**What you will do:** Reproduce the data that follows character for character, but omit its pictures.

**Material for the task:**
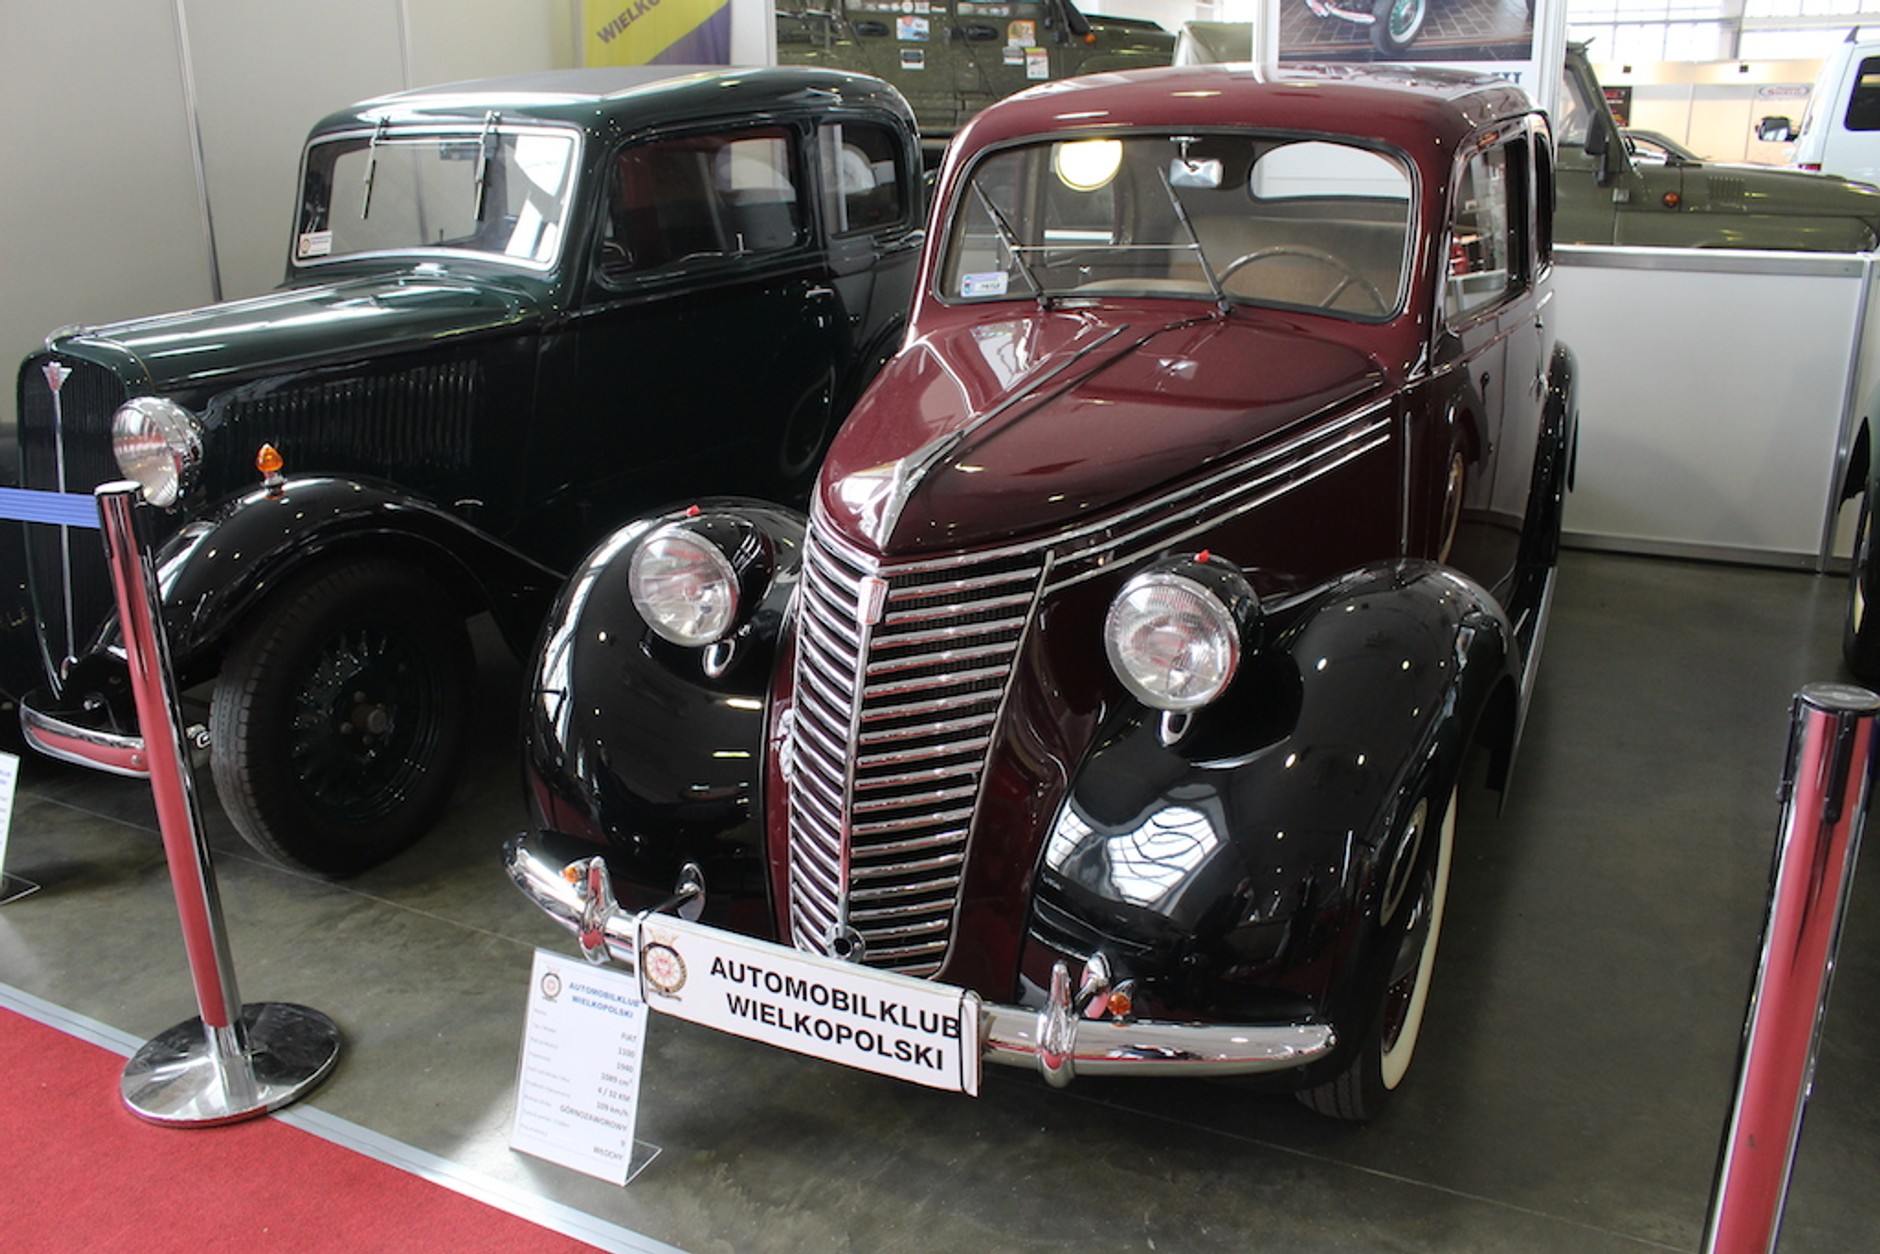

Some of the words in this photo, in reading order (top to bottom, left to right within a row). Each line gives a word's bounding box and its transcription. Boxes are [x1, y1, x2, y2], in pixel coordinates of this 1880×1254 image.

[569, 982, 641, 1007] AUTOMOBILKLUB
[710, 956, 960, 1039] AUTOMOBILKLUB
[572, 995, 634, 1019] WIELKOPOLSKI
[621, 1032, 637, 1042] FIAT
[726, 993, 944, 1071] WIELKOPOLSKI
[616, 1062, 634, 1073] 1940

**Reply to the task:**
Some of the words in this photo, in reading order (top to bottom, left to right within a row). Each line gives a word's bounding box and its transcription. Boxes are [x1, y1, x2, y2], in pixel coordinates of this 1880×1254 image.

[569, 982, 641, 1007] AUTOMOBILKLUB
[710, 956, 960, 1039] AUTOMOBILKLUB
[572, 995, 634, 1019] WIELKOPOLSKI
[621, 1032, 637, 1042] FIAT
[726, 993, 944, 1071] WIELKOPOLSKI
[616, 1062, 634, 1073] 1940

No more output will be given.